Try to avoid using these in this way to avoid possible confusion.

Different Notations

People use different notation styles throughout their code:

  • snake_notation_looks_like_this
  • camelNotationLooksLikeThis
  • period.notation.looks.like.this

But many also use…

  • LousyNotation_looks.likeThis

Try to be consistent and stick to one of them. Bear in mind period.notation is used by S3 classes to create generic functions, e.g. plot.my.object.

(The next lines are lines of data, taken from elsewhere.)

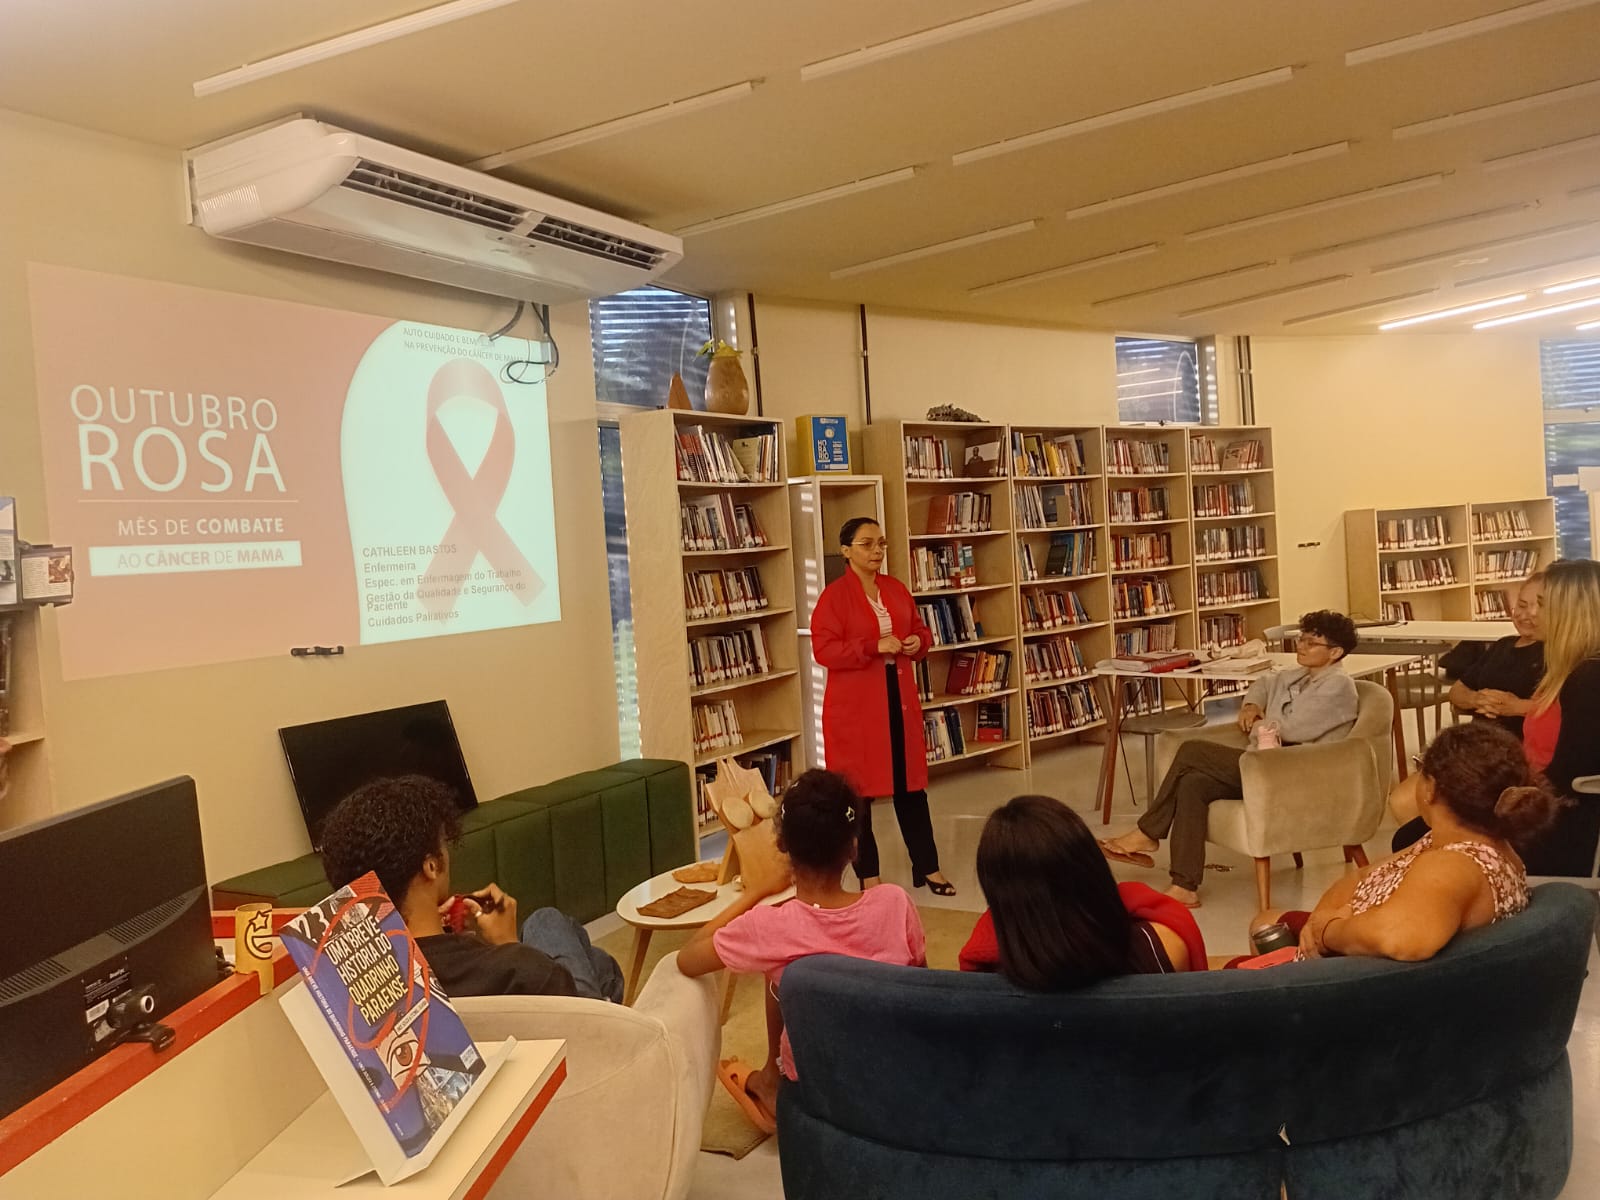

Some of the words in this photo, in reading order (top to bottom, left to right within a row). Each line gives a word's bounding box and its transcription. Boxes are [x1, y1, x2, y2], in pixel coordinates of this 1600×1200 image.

[403, 327, 423, 337] AUTO
[424, 331, 455, 342] CUIDADO
[404, 341, 414, 349] NA
[416, 342, 456, 355] PREVENÇÃO
[468, 350, 493, 361] CÂNCER
[70, 384, 278, 432] OUTUBRO
[78, 424, 287, 492] ROSA
[118, 516, 158, 536] MÊS
[165, 519, 190, 535] DE
[196, 518, 285, 535] COMBATE
[117, 553, 142, 569] AO
[145, 550, 211, 568] CÂNCER
[214, 551, 234, 565] DE
[237, 548, 285, 563] MAMA
[362, 545, 417, 558] CATHLEEN
[418, 544, 457, 555] BASTOS
[363, 562, 417, 573] Enfermeira
[364, 579, 398, 590] Espec.
[400, 577, 415, 586] em
[417, 572, 472, 587] Enfermagem
[474, 570, 485, 580] do
[486, 568, 522, 579] Trabalho
[366, 593, 401, 602] Gestão
[403, 590, 415, 600] da
[417, 587, 462, 600] Qualidade
[471, 582, 514, 595] Segurança
[367, 600, 408, 612] Paciente
[368, 615, 414, 627] Cuidados
[416, 609, 459, 623] Paliativos
[325, 936, 353, 966] UMA
[347, 915, 381, 949] BREVE
[336, 939, 381, 986] HISTÓRIA
[374, 932, 393, 955] DO
[348, 954, 400, 1007] QUADRINHO
[359, 974, 409, 1027] PARAENSE

A good-enough reason to avoid it?

It is also important to maintain code readability by having your variable names:

  • informative, e.g. genotypes vs. fsjht45jkhsdf4
  • Consistent across your code β€” the same naming convention
  • Not too long, e.g. weight vs. phenotype.weight.measured

Special Variable Names

  • There are built-in variable names:

    • LETTERS: the 26 upper-case letters of the Roman alphabet
    • letters: the 26 lower-case letters of the Roman alphabet
    • month.abb: the three-letter abbreviations for the English month names
    • month.name: the English names for the months of the year
    • pi: the ratio of the circumference of a circle to its diameter
  • Variable names beginning with period are hidden: .my_secret_variable πŸ‘» will not be shown but can be accessed

.the_hidden_answer <- 42
ls()
[1] "F"               "has_annotations" "T"              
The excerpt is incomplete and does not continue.